= Aim of the exercise =
Every record must be given again word for word; no picture belongs in the copy.

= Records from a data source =
-=-=-=-=-

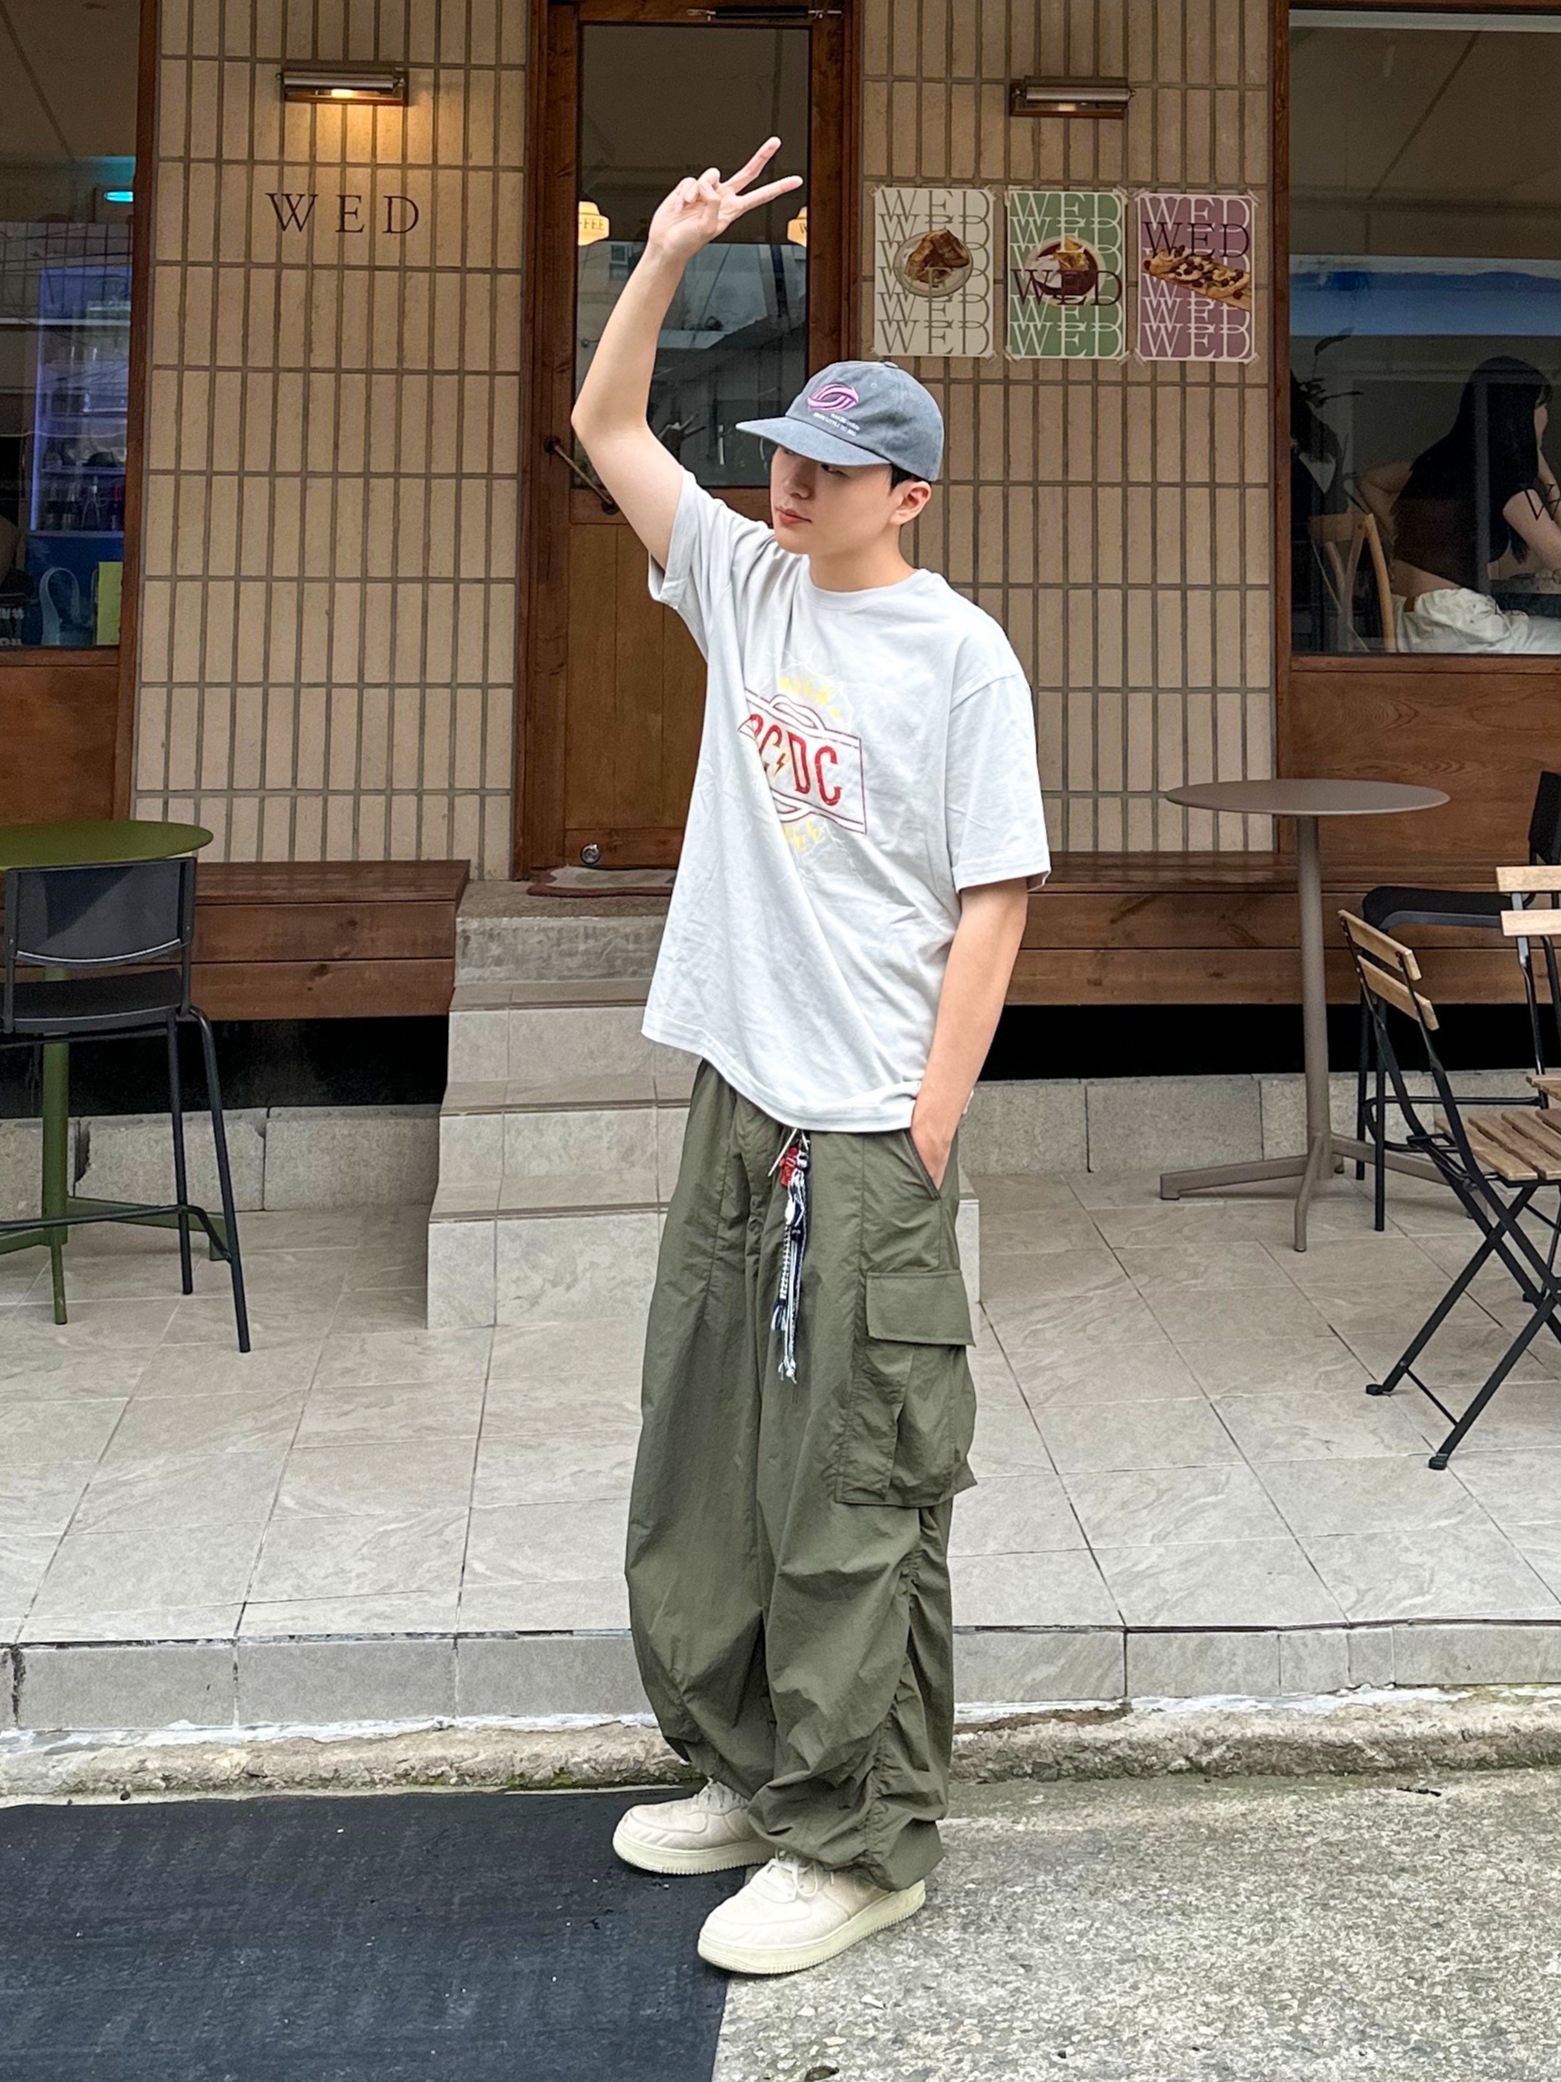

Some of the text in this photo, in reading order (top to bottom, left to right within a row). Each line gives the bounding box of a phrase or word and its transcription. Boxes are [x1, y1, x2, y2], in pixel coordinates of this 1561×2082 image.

[265, 193, 419, 234] WED
[579, 217, 605, 231] FEE
[880, 190, 990, 224] WED
[1012, 192, 1122, 227] WED
[1143, 197, 1250, 232] WED
[1142, 221, 1250, 258] WED
[1010, 269, 1123, 306] WED
[877, 292, 990, 329] WED
[877, 320, 990, 355] WED
[1010, 322, 1122, 357] WED
[1142, 323, 1250, 359] WED

-=-=-=-=-

= The answer =
Some of the text in this photo, in reading order (top to bottom, left to right within a row). Each line gives the bounding box of a phrase or word and its transcription. Boxes are [x1, y1, x2, y2], in pixel coordinates of this 1561×2082 image.

[265, 193, 419, 234] WED
[579, 217, 605, 231] FEE
[880, 190, 990, 224] WED
[1012, 192, 1122, 227] WED
[1143, 197, 1250, 232] WED
[1142, 221, 1250, 258] WED
[1010, 269, 1123, 306] WED
[877, 292, 990, 329] WED
[877, 320, 990, 355] WED
[1010, 322, 1122, 357] WED
[1142, 323, 1250, 359] WED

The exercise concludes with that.